+++ Available data +++

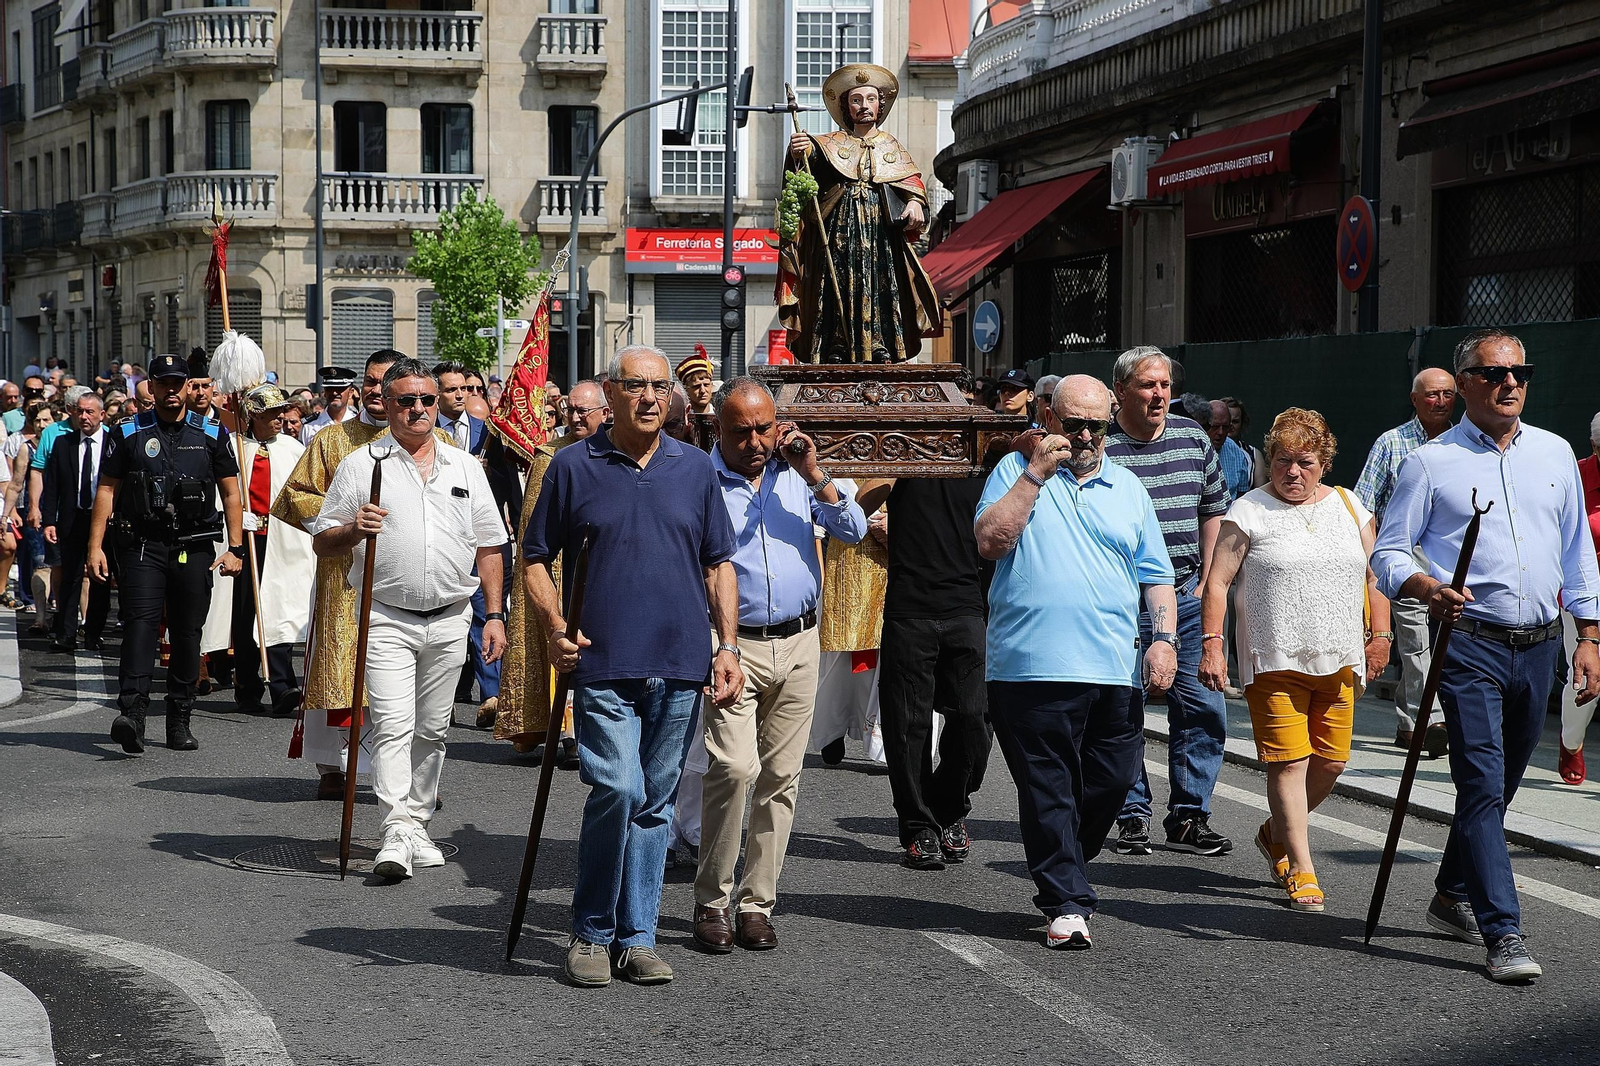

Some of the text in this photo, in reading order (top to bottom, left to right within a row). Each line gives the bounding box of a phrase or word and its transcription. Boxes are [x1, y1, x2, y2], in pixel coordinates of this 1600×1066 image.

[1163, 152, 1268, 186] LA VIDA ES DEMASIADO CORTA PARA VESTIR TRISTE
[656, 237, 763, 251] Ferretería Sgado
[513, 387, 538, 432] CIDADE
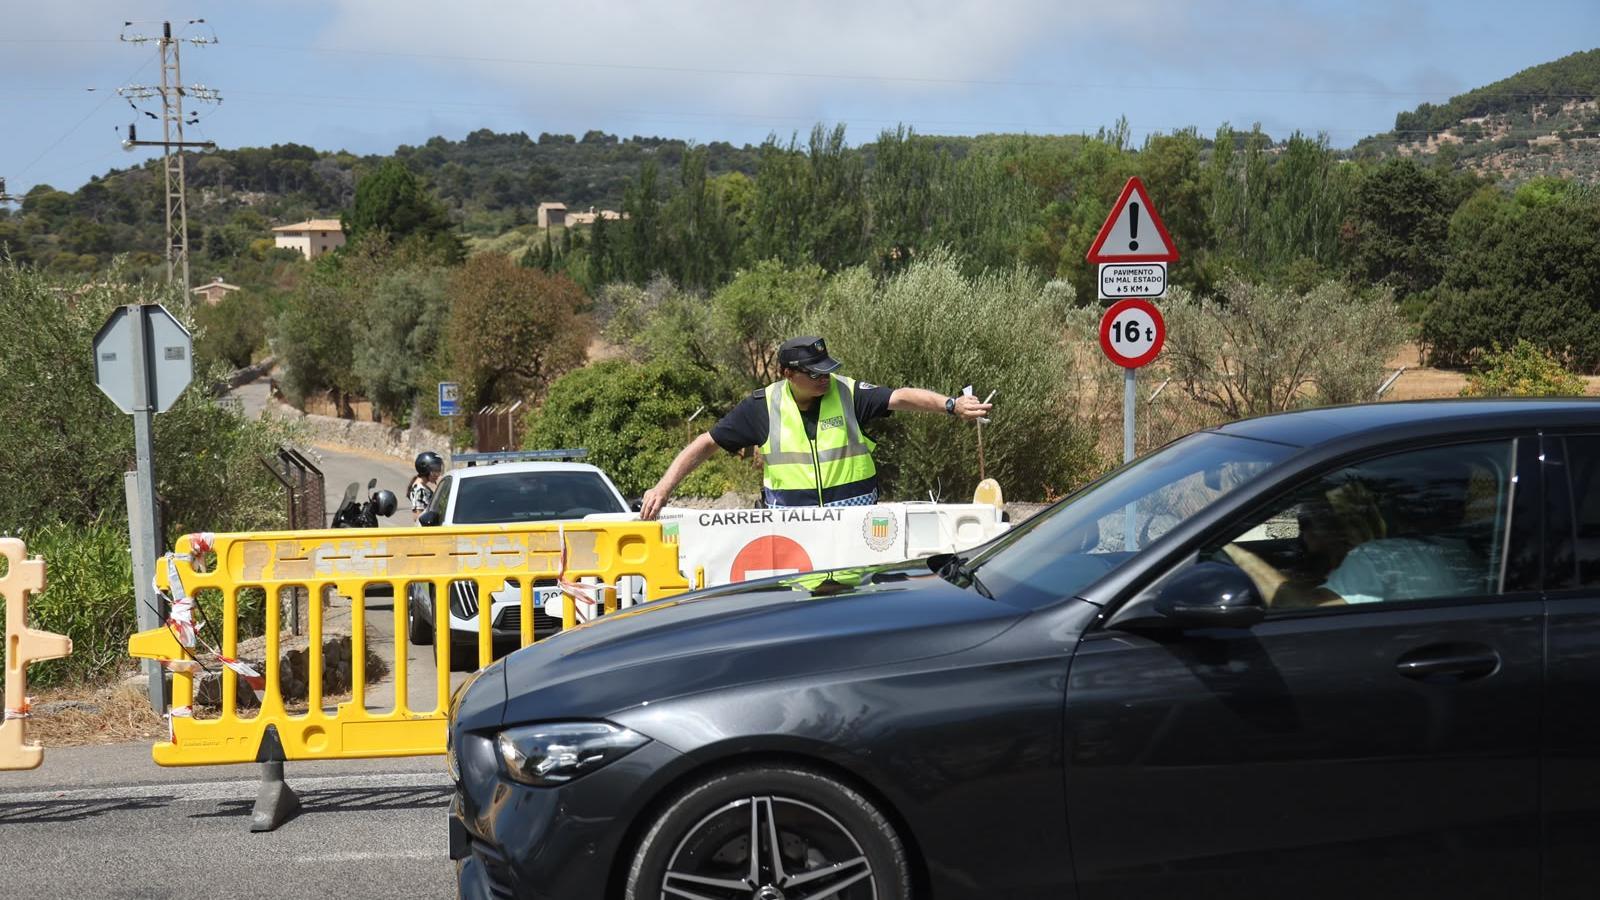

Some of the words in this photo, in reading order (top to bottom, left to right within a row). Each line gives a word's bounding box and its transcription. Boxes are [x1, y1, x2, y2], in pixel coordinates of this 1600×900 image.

+++

▸ Problem to solve
Set down all of the entries exactly. Leave the pictures out.

▸ Answer box
Some of the text in this photo, in reading order (top to bottom, left to right within a row). Each line gives the bounding box of a phrase or word and its transcription. Boxes are [x1, y1, x2, y2], in pixel coordinates of this 1600×1066 image.

[1163, 152, 1268, 186] LA VIDA ES DEMASIADO CORTA PARA VESTIR TRISTE
[656, 237, 763, 251] Ferretería Sgado
[513, 387, 538, 432] CIDADE

Some of the words in this photo, in reading order (top to bottom, left to right within a row). Each line gives a word's bounding box and its transcription. Boxes are [x1, y1, x2, y2], in pixel coordinates of this 1600×900 image.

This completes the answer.